Every day. And I know you've noticed because you're not a man who misses things.
But you won't say it. Because saying it would make me a person and not a resource, and that would require something from you that you've apparently decided you can't afford.
" I stop. I breathe. The next words come out quieter and hit harder.
"The Drake men have a remarkable lack of human decency."
The room goes absolutely still. I watch it land. I watch his jaw set. Something behind his eyes shifts — not anger exactly, but something more layered than anger, something that moves through him and changes the quality of his stillness entirely.
"What did you just say?" His voice is low. Quiet.
"You heard me."
He looks at me for a long moment. Something working behind his expression that I can't fully read.
"You want to talk about decency." It isn't a question.
"You've been walking around here for three weeks carrying something you won't say out loud and taking it out on a risk assessment at 10:00 at night." He moves around the desk. Not fast but deliberate.
"You think I haven't noticed?"
I hold my ground. My heart is slamming.
"This isn't about—"
“—It's about something," he says. He stops in front of me.
Close. Closer than the desk ever allowed.
I can feel the heat coming off him. His eyes are on mine and they are not the controlled, contained eyes of my boss at the end of a workday.
They are the eyes of a man who has run out of the thing he's been using to keep himself in check.
"Say what you actually mean, Sutton."
The air between us is electric. My chest is rising and falling too fast. I should take a step back. I don't.

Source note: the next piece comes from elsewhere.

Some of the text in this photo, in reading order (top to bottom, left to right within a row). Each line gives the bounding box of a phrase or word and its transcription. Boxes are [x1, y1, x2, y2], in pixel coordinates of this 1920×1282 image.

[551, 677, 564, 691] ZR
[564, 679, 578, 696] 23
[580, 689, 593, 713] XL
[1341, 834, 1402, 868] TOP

"I don't know what you want from me," I say. My voice comes out lower than I intend.
"Yes you do," he says.
He reaches up. His hand comes to my face — his palm warm against my jaw, his thumb at the edge of my cheekbone, tilting my face up to his. His eyes drop to my mouth for one suspended second. Then he pulls me in.
His lips crash against mine. The kiss is nothing like I've experienced before.

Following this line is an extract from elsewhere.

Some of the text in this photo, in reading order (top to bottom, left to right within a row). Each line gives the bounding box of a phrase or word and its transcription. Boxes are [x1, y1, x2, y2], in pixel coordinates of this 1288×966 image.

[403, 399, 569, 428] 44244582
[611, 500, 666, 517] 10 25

It's fierce. Possessive. A sharp inhale of need, like he's been starving for days and finally gets to taste again.
I moan softly, my arms sliding up around his neck, pulling him closer as I melt into it.
He presses his body against mine, and I feel his broad shoulders.

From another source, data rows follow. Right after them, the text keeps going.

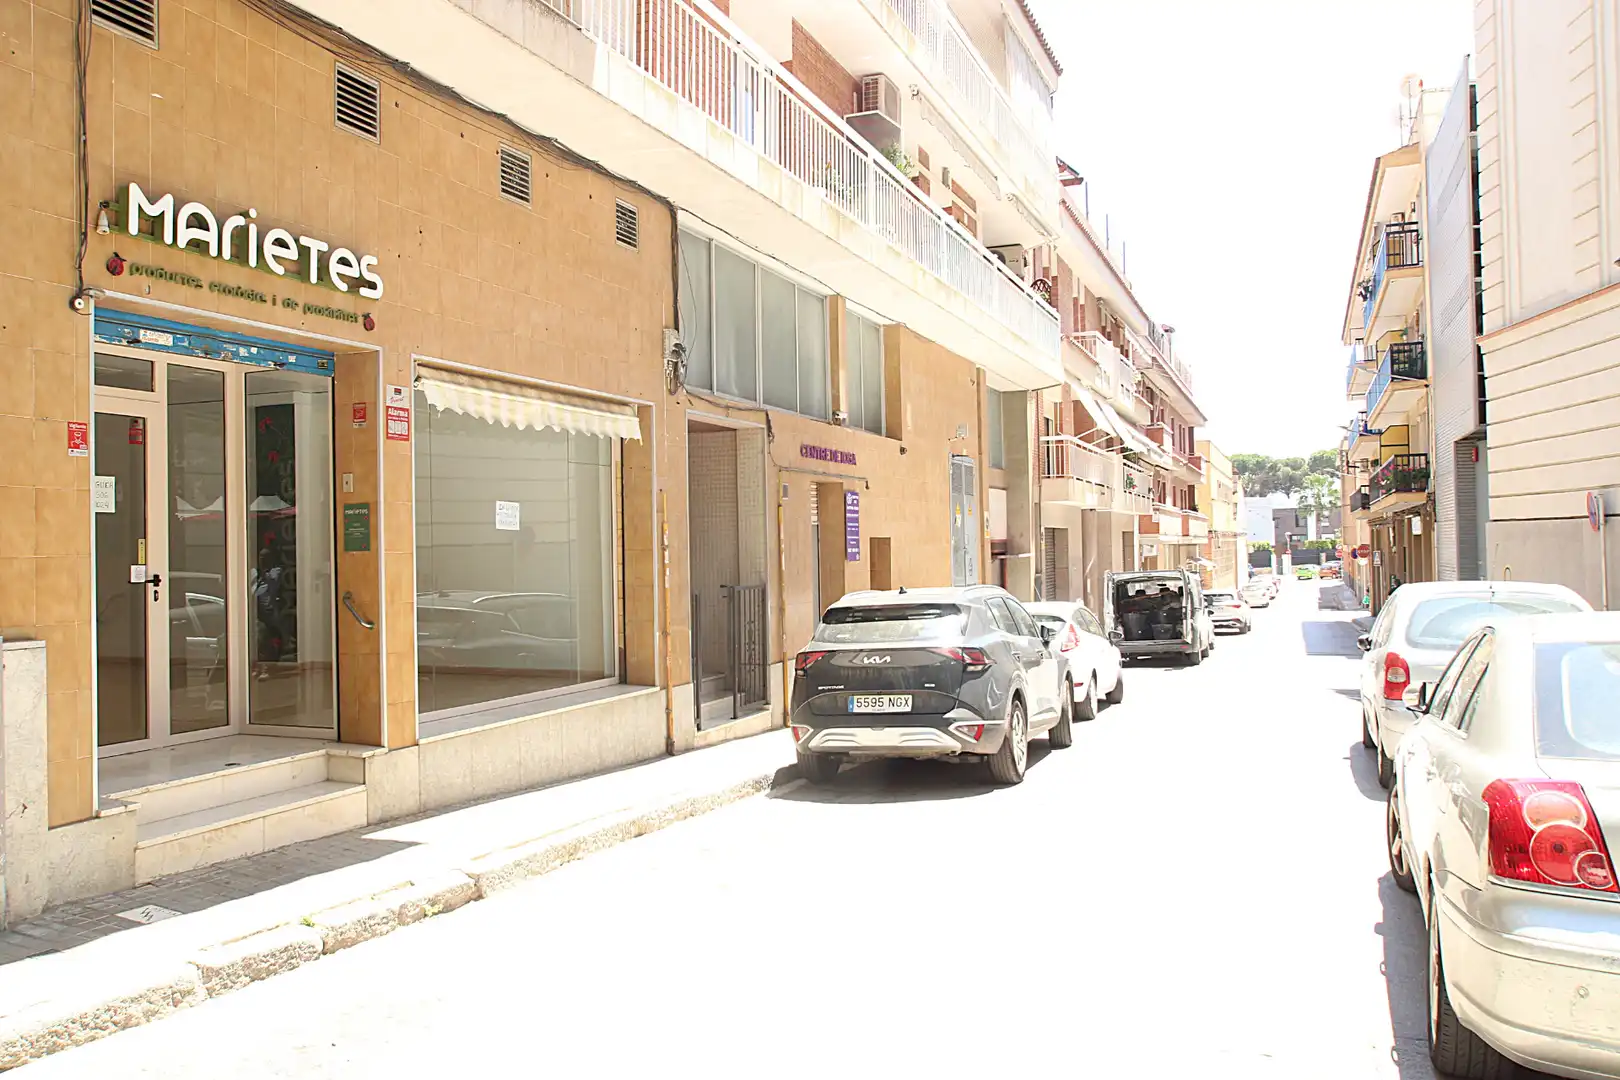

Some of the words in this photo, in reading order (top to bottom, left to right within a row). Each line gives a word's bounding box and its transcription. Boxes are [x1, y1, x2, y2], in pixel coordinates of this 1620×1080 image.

[388, 407, 408, 418] Alarma
[856, 697, 884, 708] 5595
[888, 697, 910, 708] NGX
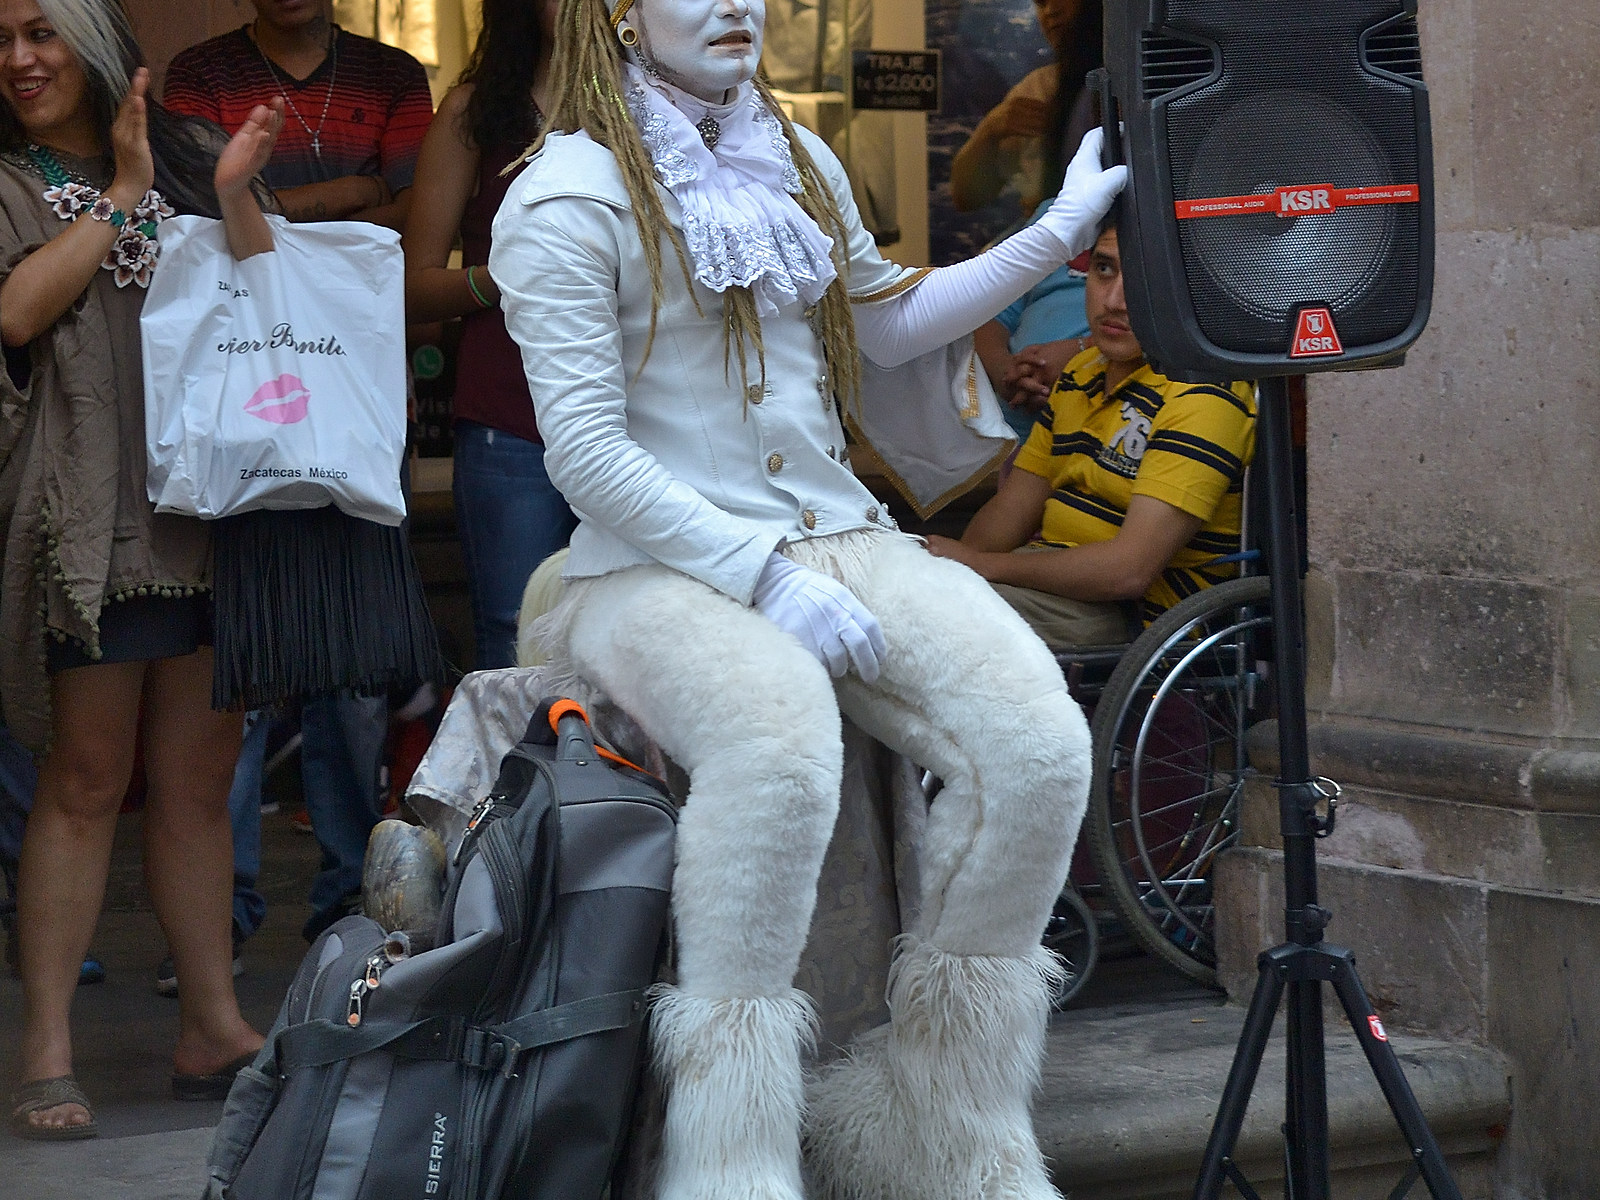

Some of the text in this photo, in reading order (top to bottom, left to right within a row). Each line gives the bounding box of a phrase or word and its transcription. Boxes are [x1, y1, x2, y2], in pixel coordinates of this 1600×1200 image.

[1190, 188, 1412, 212] PROFESSIONAL AUDIO KSR PROFESSIONAL AUDIO
[1299, 336, 1334, 352] KSR
[240, 466, 348, 480] Zacatecas México

I grip at his shirt, rubbing my hands up and down his chest, but I can feel the muscles underneath the fabric.
His hands slide down my sides and grip beneath my thighs, and in one smooth motion, he lifts me — hoisting me up onto the edge of the desk.
My legs spread open and wrap around him instinctively.
My back arches, my breath sharp against his mouth.
The feel of him between my legs, the hardness of his bulge pressing against the center of me — it's all too much — and not enough.
His kiss deepens as his fingertips graze my skin — cool, deliberate — as he lifts my dress, sliding it higher and higher until the fabric bunches around my hips. A rush of air kisses the bare skin between my thighs. His touch is slow, teasing, his fingers squeezing into the flesh with such purpose.
I let out a shallow breath, dizzy from both adrenaline and frustration.
Then his mouth finds mine again. Then he pulls back, his blue eyes filled with hunger.
Without a word, his fingers continue to drag slowly up the inside of my thigh until they reach the edge of my panties.
He presses against me, rubbing through the thin lace, and I gasp — because I'm already soaked.
He must feel it too. His eyes lock on mine as his fingers pause.
Then, with one calculated move, he slides the lace to the side and runs his finger through the wetness slicking my folds.
"You're soaked," he growls. His voice is low. Almost feral.
His finger teases the length of me once, twice, then he pushes inside — just one finger at first, but the stretch is maddening. I gasp as he adds a second, the thickness of both curling, probing, reaching. I throw my head back, my hips arching forward, my body giving itself over to the feel of him.
"Oh… god…"
He grips my panties with both hands and yanks them down, his movements rough.
The lace slides off my ankles and lands in a soft heap on the floor.
Then his head is between my legs. Before I can even catch my breath, I feel his face press against my heat, his nose dragging through my arousal, his stubble scraping just enough to make my thighs twitch.
Then his tongue flicks across my clit. I nearly cry out.